• What is expected: Every line of the data below is to be duplicated exactly, pictures excepted.

• Records supplied:
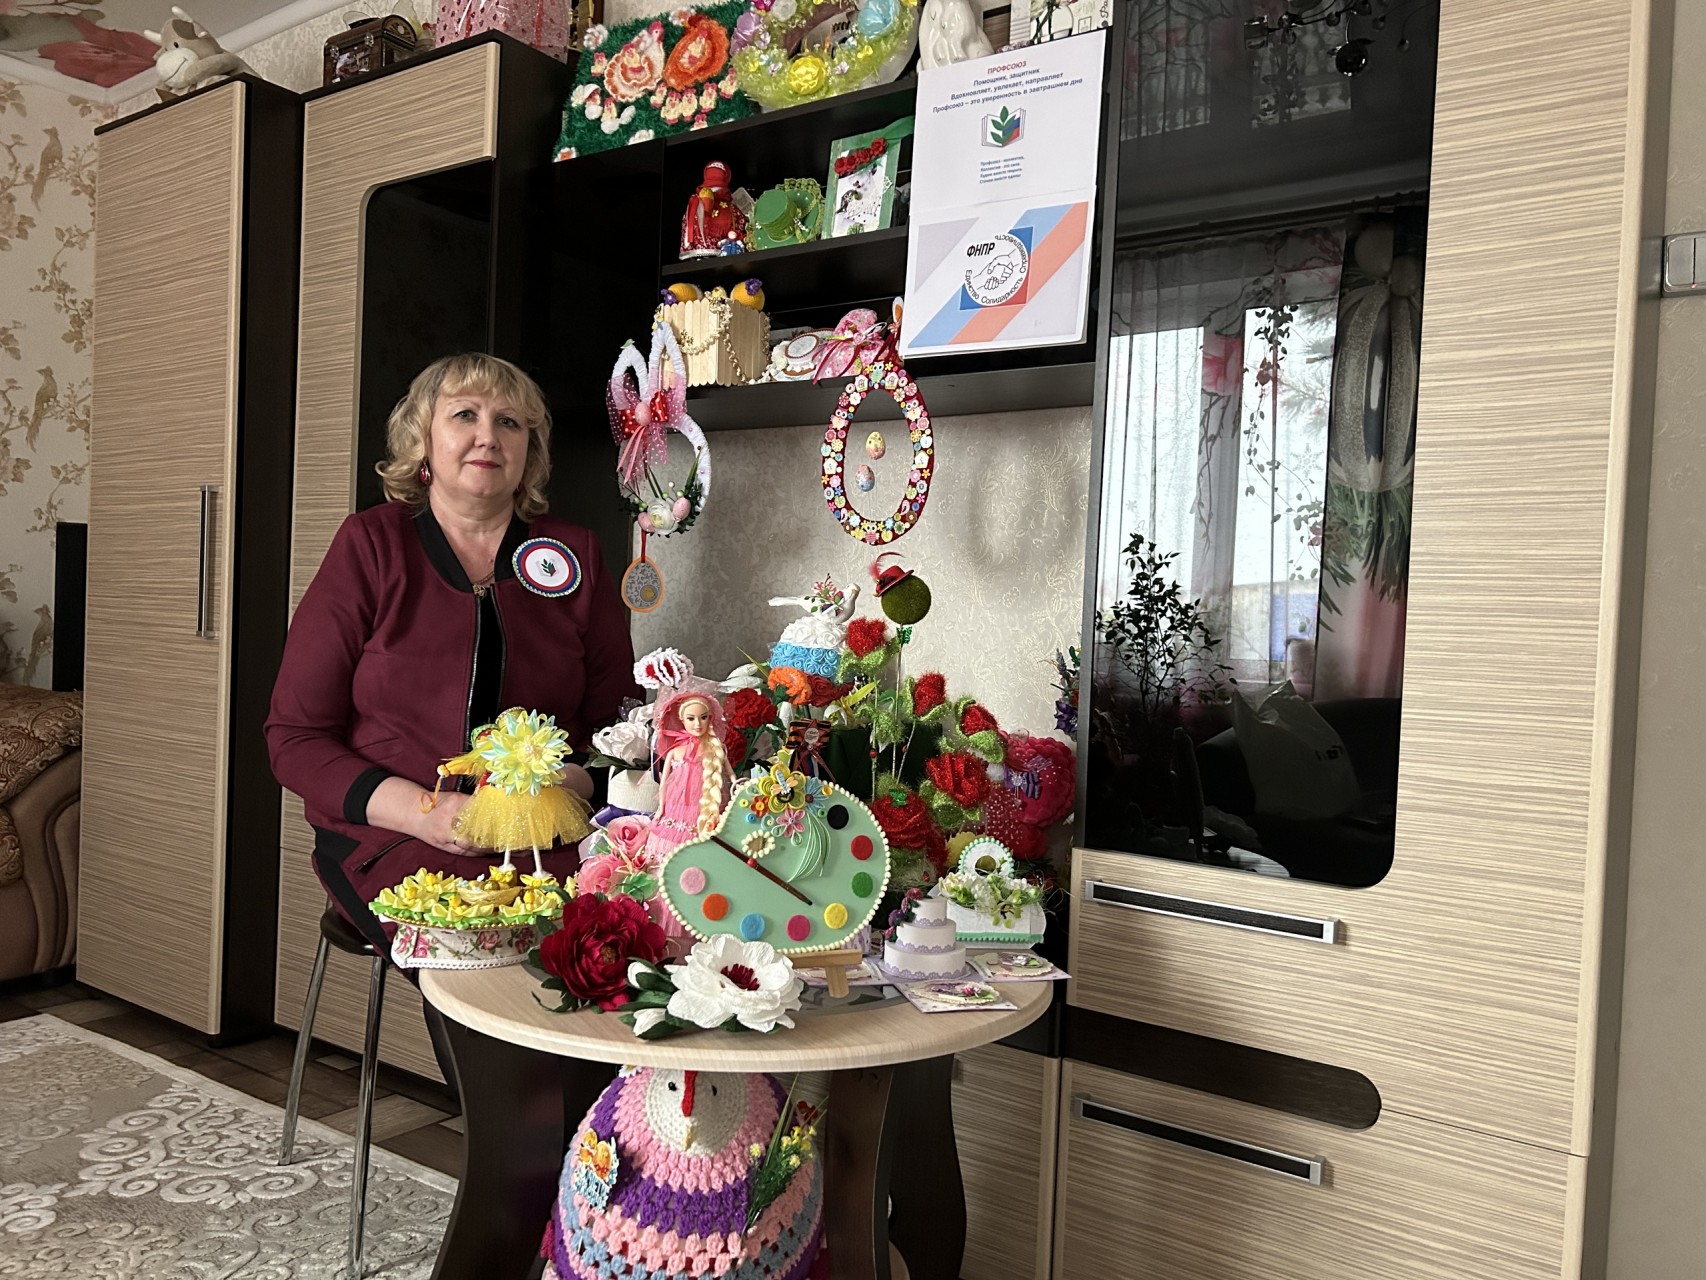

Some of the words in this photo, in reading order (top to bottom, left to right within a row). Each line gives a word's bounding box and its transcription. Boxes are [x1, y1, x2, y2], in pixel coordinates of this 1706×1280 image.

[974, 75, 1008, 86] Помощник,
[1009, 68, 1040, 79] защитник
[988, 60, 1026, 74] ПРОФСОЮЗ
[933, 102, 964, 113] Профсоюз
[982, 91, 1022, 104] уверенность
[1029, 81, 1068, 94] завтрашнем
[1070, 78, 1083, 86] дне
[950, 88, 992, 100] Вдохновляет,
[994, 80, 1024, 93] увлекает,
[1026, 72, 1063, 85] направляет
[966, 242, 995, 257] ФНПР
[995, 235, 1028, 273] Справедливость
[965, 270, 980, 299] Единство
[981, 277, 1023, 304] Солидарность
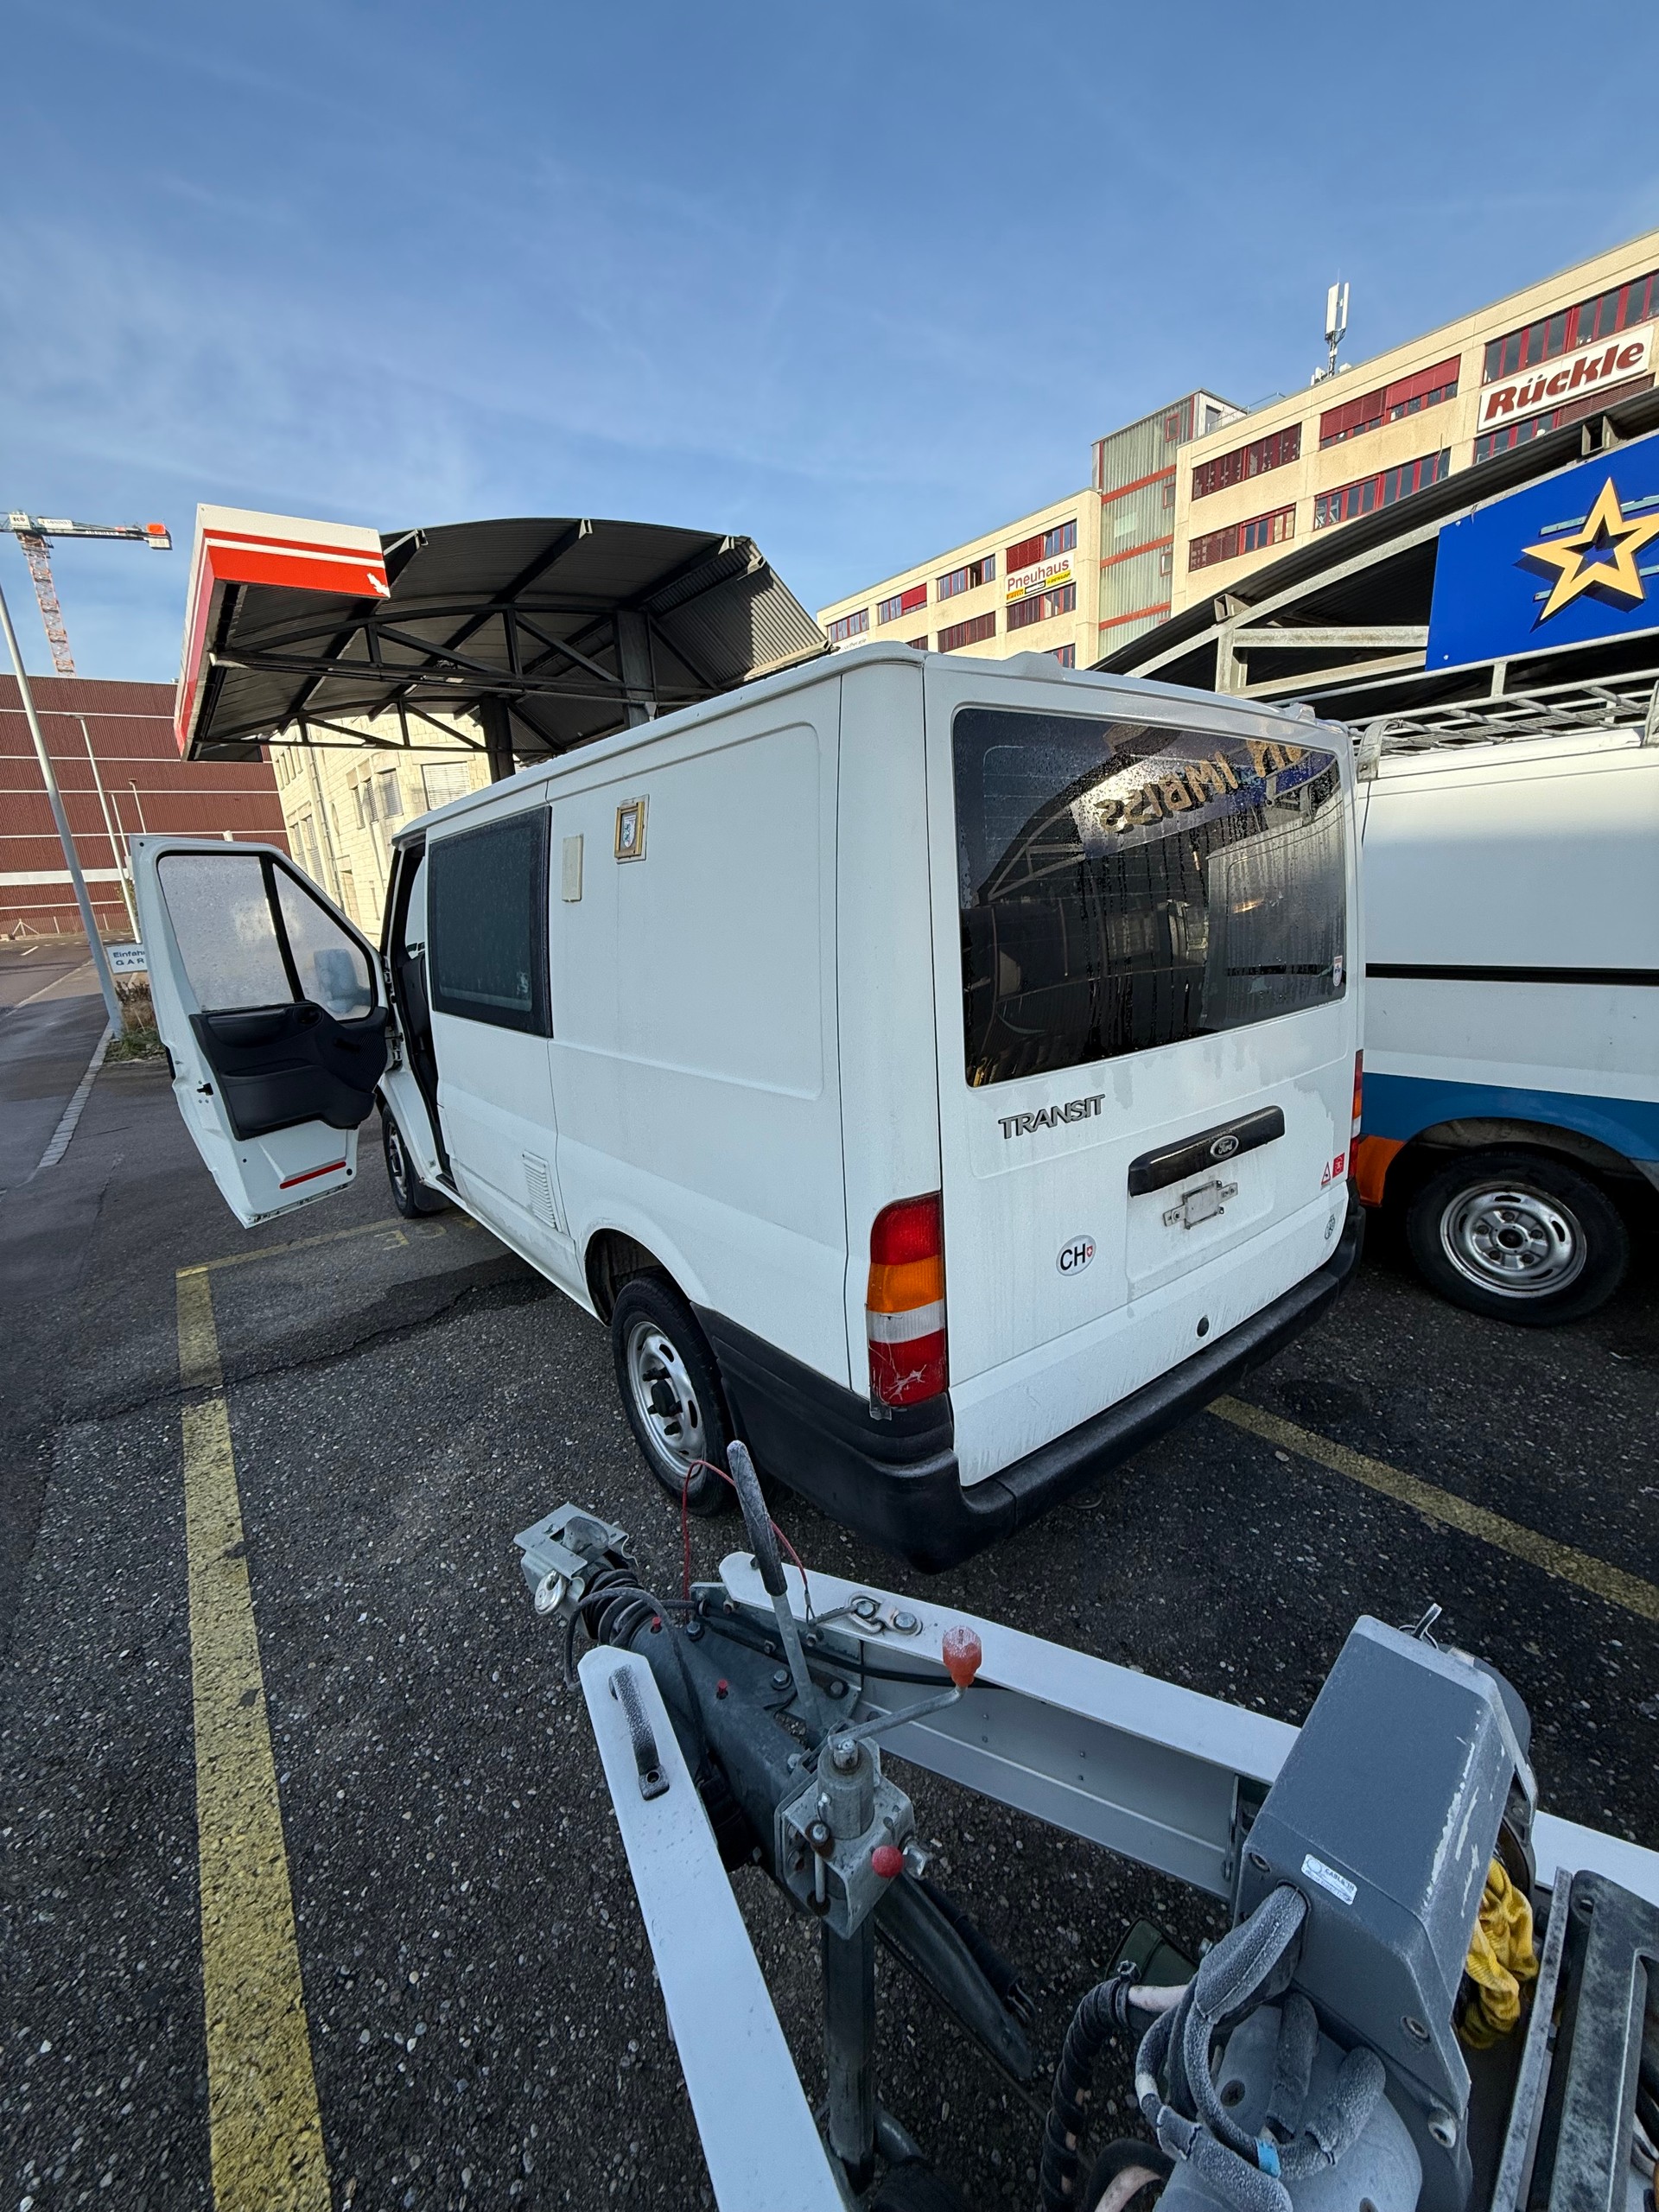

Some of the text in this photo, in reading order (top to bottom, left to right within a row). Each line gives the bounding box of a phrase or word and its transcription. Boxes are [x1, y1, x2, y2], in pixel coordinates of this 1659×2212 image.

• Problem solution:
Some of the words in this photo, in reading order (top to bottom, left to right within a row). Each line gives a word's bounding box and its transcription. Boxes are [x1, y1, x2, y2], in pixel coordinates of this 1706×1280 image.

[974, 75, 1008, 86] Помощник,
[1009, 68, 1040, 79] защитник
[988, 60, 1026, 74] ПРОФСОЮЗ
[933, 102, 964, 113] Профсоюз
[982, 91, 1022, 104] уверенность
[1029, 81, 1068, 94] завтрашнем
[1070, 78, 1083, 86] дне
[950, 88, 992, 100] Вдохновляет,
[994, 80, 1024, 93] увлекает,
[1026, 72, 1063, 85] направляет
[966, 242, 995, 257] ФНПР
[995, 235, 1028, 273] Справедливость
[965, 270, 980, 299] Единство
[981, 277, 1023, 304] Солидарность

Some of the text in this photo, in reading order (top to bottom, left to right within a row). Each line gives the bounding box of a phrase or word and its transcription. Boxes are [x1, y1, x2, y2], in pixel coordinates of this 1659×2212 image.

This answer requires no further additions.